District Court Judge Paul A. Holcombe also ran for this seat. Paul Holcombe has been a District Court Judge for Johnston, Harnett and Lee Counties since January 2009.

Davis won his first full term by taking 58.8 percent of the vote.

| Poll source | Date(s) administered | Sample size | Margin of error | Mark Davis | Paul Holcombe | Other | Undecided |
|---|---|---|---|---|---|---|---|
| Public Policy Polling | September 11–14, 2014 | 1,266 | ± 2.8% | 8% | 7% | — | 85% |

North Carolina Court of Appeals Judge (Seat 7) general election, 2014
| Party |  | Candidate | Votes | % |
|---|---|---|---|---|
|  | Nonpartisan | Mark Davis (incumbent) | 1,354,647 | 58.77% |
|  | Nonpartisan | Paul Holcombe | 950,300 | 41.23% |
| Total votes |  |  | 2,304,947 | 100% |

==Court of Appeals (Seat 8)==
The seat held by Judge Bob Hunter (not to be confused with his colleague on the Court, Robert Hunter Jr.) was on the ballot.

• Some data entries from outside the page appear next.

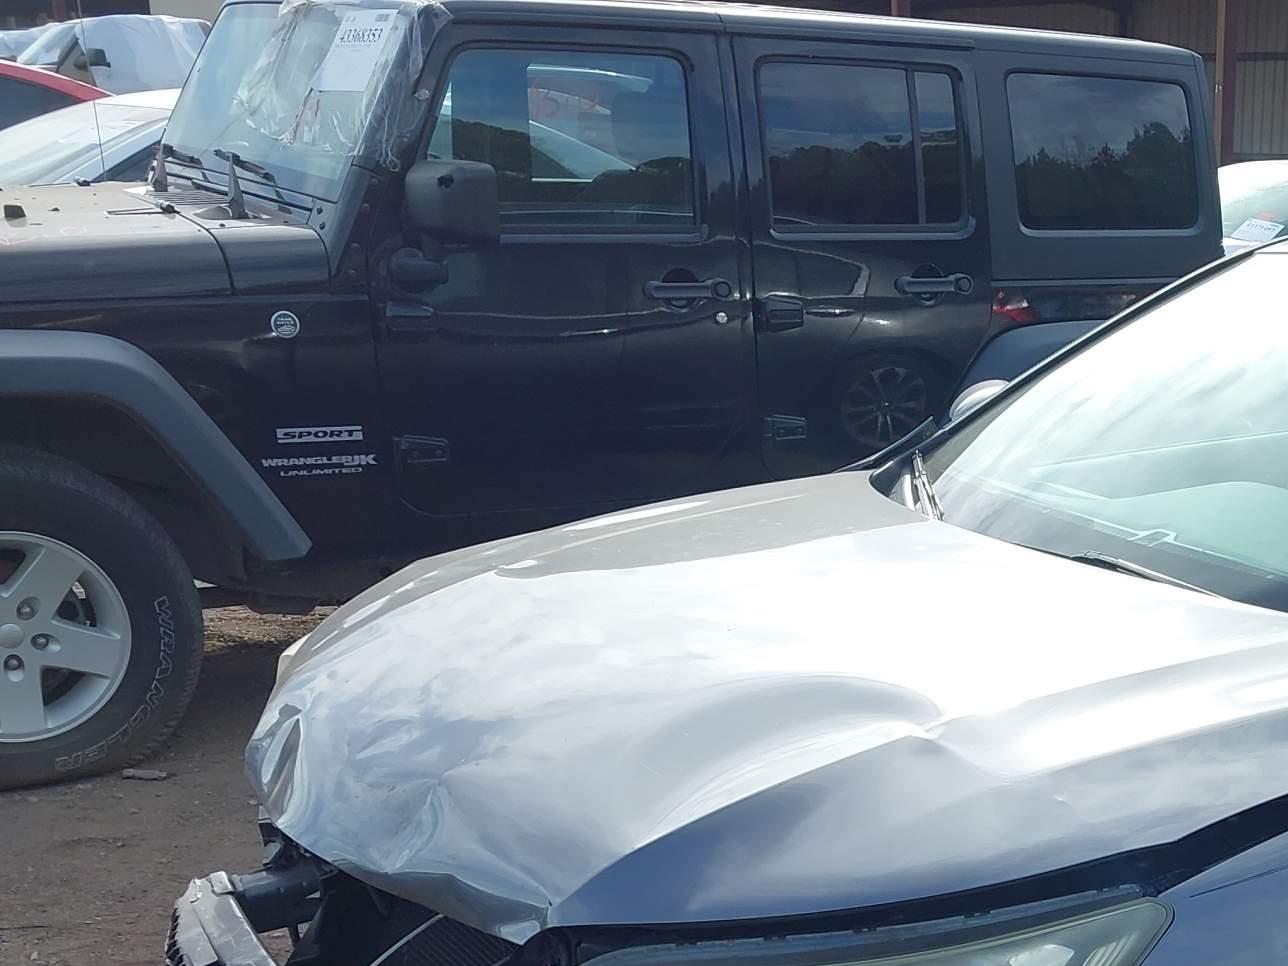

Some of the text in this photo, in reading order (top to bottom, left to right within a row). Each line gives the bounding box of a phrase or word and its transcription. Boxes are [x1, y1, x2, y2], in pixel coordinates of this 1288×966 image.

[281, 430, 355, 440] SPORT
[280, 467, 363, 477] UNLIMITED
[55, 596, 176, 772] WRANGLER
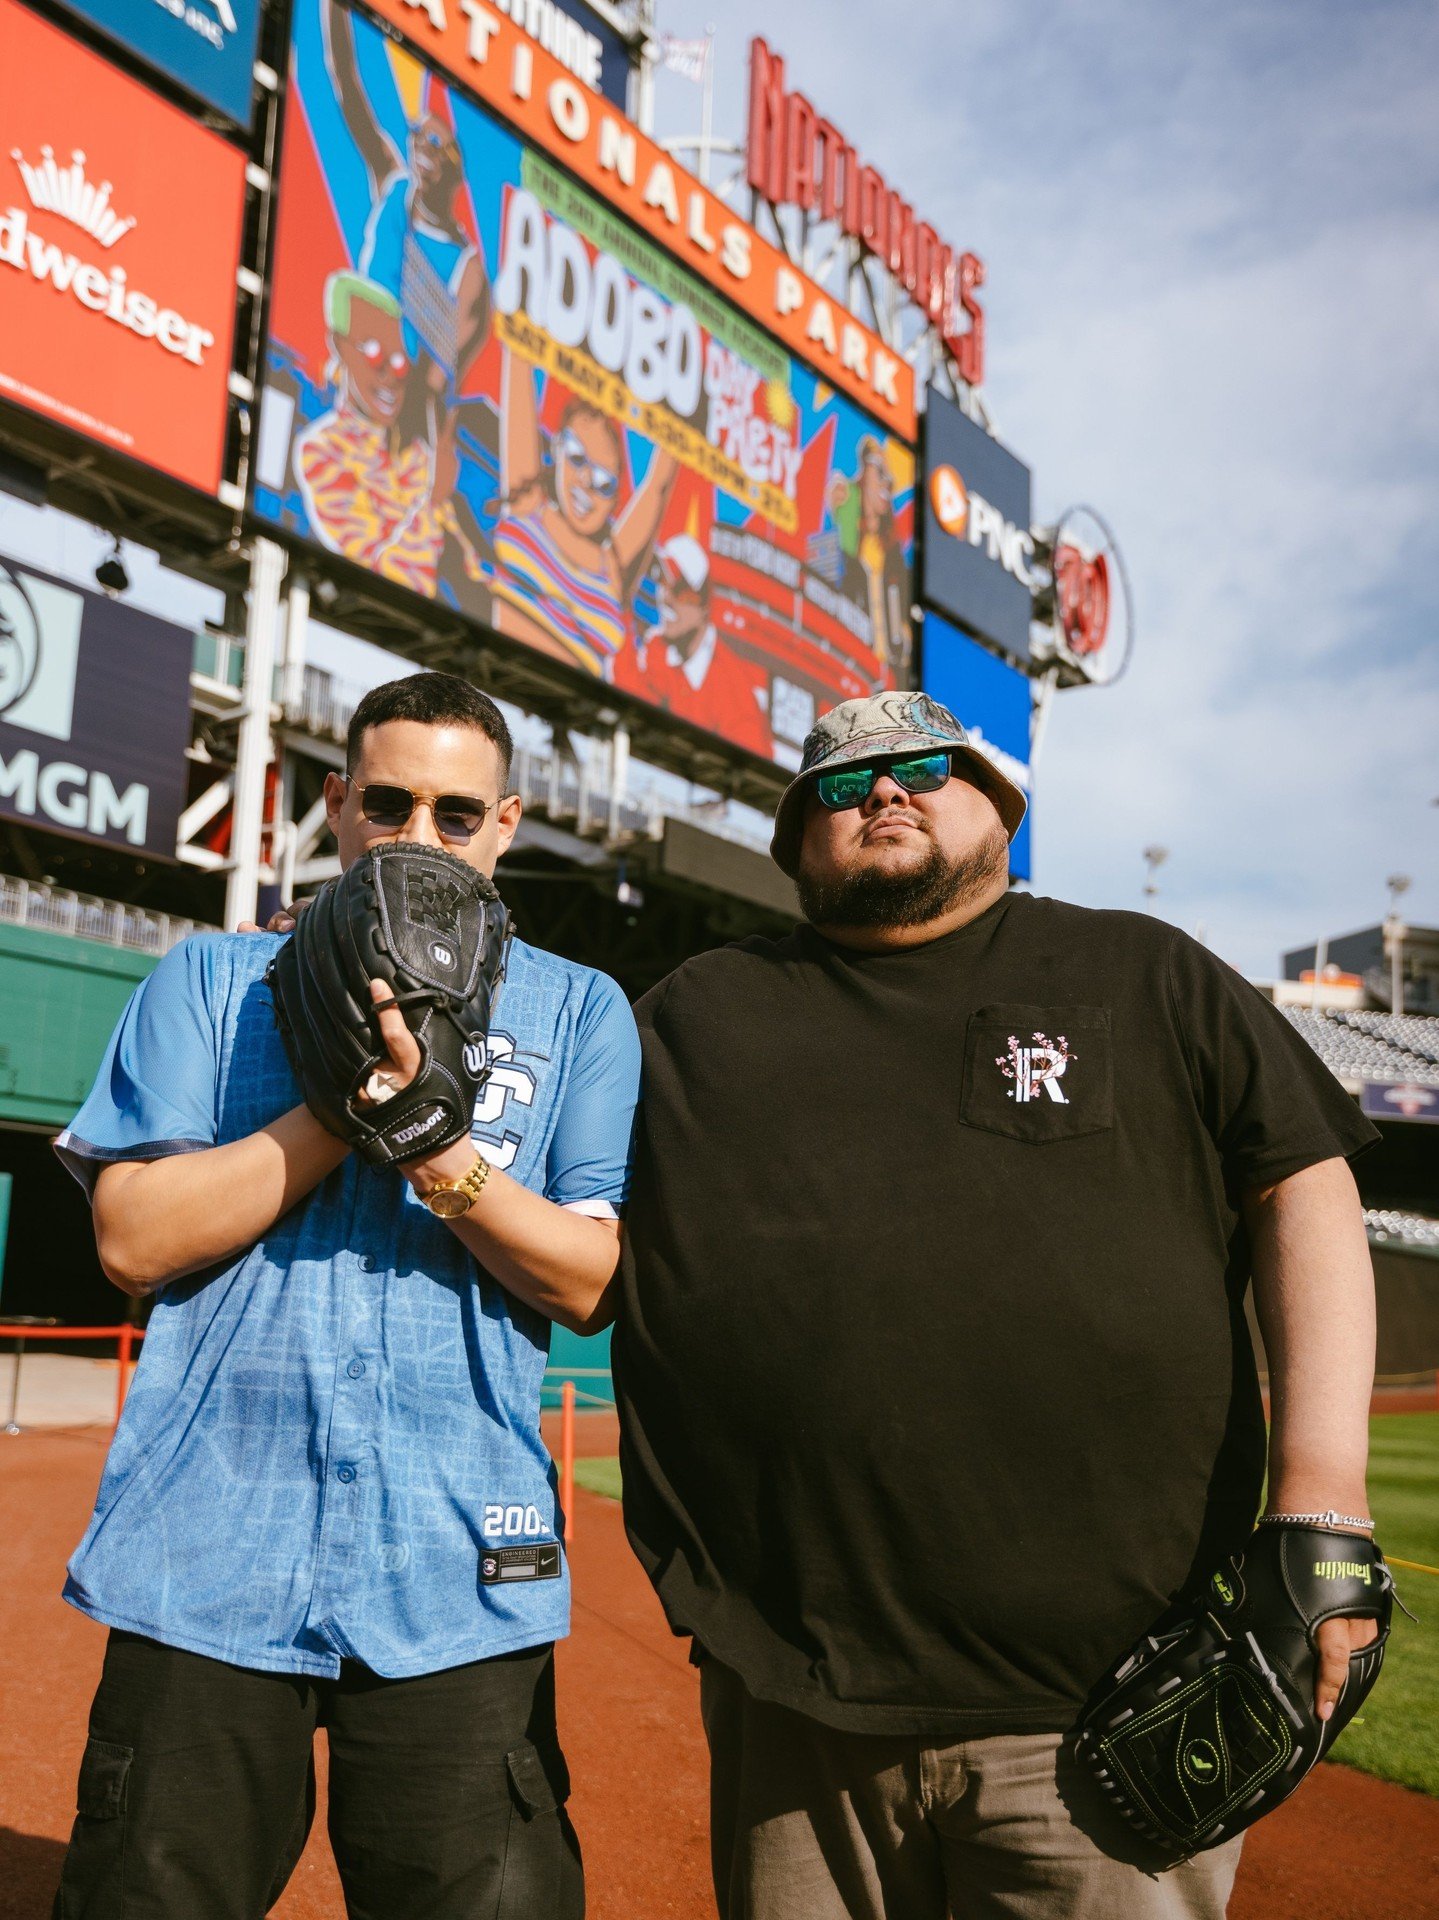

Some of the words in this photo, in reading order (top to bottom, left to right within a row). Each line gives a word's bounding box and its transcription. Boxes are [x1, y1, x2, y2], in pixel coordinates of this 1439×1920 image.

[495, 188, 702, 418] ADOBO
[775, 265, 904, 406] PARK
[503, 315, 546, 358] SAT
[555, 347, 606, 397] MAY
[703, 340, 765, 414] DAY
[966, 488, 1036, 590] PNC
[391, 1105, 447, 1144] Wilson

Hunter announced on Aug. 14, 2013, that he would not seek re-election.

Judges Lucy Inman and Bill Southern were both candidates for the seat. Judge Inman is a special Superior Court judge and was appointed to that position in 2010 by former Governor Beverly Perdue. Prior to that, she was a trial lawyer. Judge Southern currently serves on the District Court bench for Stokes and Surry Counties. He was elected to that position in 2008 and in 2012. Prior to that, he served as an assistant district attorney in Stokes and Surry Counties.

Inman won election to her first term on the North Carolina Court of Appeals with 51.9 percent of the vote.

| Poll source | Date(s) administered | Sample size | Margin of error | Lucy Inman | Bill Southern | Other | Undecided |
|---|---|---|---|---|---|---|---|
| Public Policy Polling | September 11–14, 2014 | 1,266 | ± 2.8% | 9% | 8% | — | 83% |

North Carolina Court of Appeals Judge (Seat 8) general election, 2014
| Party |  | Candidate | Votes | % |
|---|---|---|---|---|
|  | Nonpartisan | Lucy Inman | 1,227,800 | 51.94% |
|  | Nonpartisan | Bill Southern | 1,136,268 | 48.06% |
| Total votes |  |  | 2,364,068 | 100% |

==Court of Appeals (Seat 9)==
Judge Donna Stroud ran unopposed for re-election.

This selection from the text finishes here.